Ritah Kivumbi

Personal information
- Date of birth: 21 June 1995 (age 30)
- Place of birth: Uganda
- Position(s): Striker

Team information
- Current team: Mallbackens IF

Senior career*
- Years: Team / Apps / (Gls)
- 2016–2019: Växjö DFF / 81 / (29)
- 2020–: Mallbackens IF / 64 / (19)

International career
- Uganda

= Ritah Kivumbi =

Ugandan footballer (born 1995)

Ritah Kivumbi (born 21 June 1995) is an Ugandan footballer who plays as a striker for Mallbackens IF.

==Early life==

Kivumbi started playing football at a young age with boys.

==Education==

Kivumbi attended St Mary's Boarding Senior Secondary School Kitende.

==Club career==

Before the 2016 season, Kivumbi signed for Swedish side Växjö DFF, where she was regarded as one of the club's most important players. She formed an attacking partnership with Swedish striker Anna Anvegård.
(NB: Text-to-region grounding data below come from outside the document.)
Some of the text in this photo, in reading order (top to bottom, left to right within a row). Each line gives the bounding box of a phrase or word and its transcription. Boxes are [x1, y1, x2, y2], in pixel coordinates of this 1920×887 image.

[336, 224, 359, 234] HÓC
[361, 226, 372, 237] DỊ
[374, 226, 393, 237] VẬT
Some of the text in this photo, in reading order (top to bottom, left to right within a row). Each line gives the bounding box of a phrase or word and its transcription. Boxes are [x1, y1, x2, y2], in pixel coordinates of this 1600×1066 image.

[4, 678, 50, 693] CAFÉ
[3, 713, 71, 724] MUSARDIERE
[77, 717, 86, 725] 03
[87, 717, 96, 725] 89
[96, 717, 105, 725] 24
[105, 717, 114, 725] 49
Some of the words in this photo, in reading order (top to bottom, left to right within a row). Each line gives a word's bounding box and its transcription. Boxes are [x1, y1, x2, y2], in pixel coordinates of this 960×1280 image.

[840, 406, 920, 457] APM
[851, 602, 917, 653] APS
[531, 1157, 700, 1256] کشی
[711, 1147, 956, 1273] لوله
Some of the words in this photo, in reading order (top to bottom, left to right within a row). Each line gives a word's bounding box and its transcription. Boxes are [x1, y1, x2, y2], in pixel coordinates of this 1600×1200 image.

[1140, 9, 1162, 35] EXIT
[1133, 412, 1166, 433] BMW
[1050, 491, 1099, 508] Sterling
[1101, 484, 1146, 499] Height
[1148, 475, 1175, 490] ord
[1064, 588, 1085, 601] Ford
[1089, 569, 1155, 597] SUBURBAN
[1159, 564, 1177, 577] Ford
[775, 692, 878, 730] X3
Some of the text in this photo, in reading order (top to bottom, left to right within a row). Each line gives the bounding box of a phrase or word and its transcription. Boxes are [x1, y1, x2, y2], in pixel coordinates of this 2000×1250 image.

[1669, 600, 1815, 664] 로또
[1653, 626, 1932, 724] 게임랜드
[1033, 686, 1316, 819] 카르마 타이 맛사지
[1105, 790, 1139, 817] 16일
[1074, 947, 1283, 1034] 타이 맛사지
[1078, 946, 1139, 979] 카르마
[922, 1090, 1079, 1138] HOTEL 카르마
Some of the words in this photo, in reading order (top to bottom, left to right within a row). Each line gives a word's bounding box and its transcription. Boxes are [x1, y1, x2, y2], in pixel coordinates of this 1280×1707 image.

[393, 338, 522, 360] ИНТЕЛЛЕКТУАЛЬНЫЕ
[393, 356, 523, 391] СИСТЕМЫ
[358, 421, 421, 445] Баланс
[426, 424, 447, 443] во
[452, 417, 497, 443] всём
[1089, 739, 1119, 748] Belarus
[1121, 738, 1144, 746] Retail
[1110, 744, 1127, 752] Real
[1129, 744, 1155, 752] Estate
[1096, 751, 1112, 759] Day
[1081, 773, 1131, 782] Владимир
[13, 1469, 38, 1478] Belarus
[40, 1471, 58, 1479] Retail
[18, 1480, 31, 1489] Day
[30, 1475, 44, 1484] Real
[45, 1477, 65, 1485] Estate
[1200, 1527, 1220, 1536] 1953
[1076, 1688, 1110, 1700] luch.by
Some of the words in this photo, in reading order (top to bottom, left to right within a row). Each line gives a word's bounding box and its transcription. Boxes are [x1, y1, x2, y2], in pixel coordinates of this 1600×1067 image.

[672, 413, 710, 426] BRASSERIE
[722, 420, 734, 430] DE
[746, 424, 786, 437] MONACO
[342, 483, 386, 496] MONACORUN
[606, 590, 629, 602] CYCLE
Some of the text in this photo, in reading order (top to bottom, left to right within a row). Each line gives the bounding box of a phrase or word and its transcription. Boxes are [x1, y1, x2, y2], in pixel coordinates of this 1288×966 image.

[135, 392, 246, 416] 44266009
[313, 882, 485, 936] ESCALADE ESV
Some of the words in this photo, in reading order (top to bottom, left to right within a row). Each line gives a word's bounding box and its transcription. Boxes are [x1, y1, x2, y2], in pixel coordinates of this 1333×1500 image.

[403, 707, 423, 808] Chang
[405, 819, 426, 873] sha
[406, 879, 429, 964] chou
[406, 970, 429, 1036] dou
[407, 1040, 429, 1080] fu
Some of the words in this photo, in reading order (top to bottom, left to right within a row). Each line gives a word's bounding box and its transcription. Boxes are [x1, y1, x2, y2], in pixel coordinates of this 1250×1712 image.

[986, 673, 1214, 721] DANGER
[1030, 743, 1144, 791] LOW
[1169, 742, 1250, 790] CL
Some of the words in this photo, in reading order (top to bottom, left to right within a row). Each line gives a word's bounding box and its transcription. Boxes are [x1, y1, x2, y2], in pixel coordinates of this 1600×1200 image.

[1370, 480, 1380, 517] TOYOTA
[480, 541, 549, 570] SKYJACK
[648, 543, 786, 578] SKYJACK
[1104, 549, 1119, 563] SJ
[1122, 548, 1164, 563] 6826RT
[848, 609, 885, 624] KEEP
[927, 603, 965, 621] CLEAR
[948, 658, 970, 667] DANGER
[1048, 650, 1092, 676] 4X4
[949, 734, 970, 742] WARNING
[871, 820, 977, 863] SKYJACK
Despite this, there was initial uncertainty regarding whether she would be allowed to live in Sweden.
Before the 2020 season, she signed for Swedish side Mallbackens IF. She has been regarded as one of the club's most important players.

==International career==

Kivumbi has been regarded to have struggled to be available even when called up to the Uganda women's national football team. Despite this, she represented Uganda internationally at the 2022 Women's Africa Cup of Nations.

==Style of play==

Kivumbi mainly operates as a striker and is known for her speed.

==Personal life==

Kivumbi has regarded Brazil international Ronaldinho as her football idol.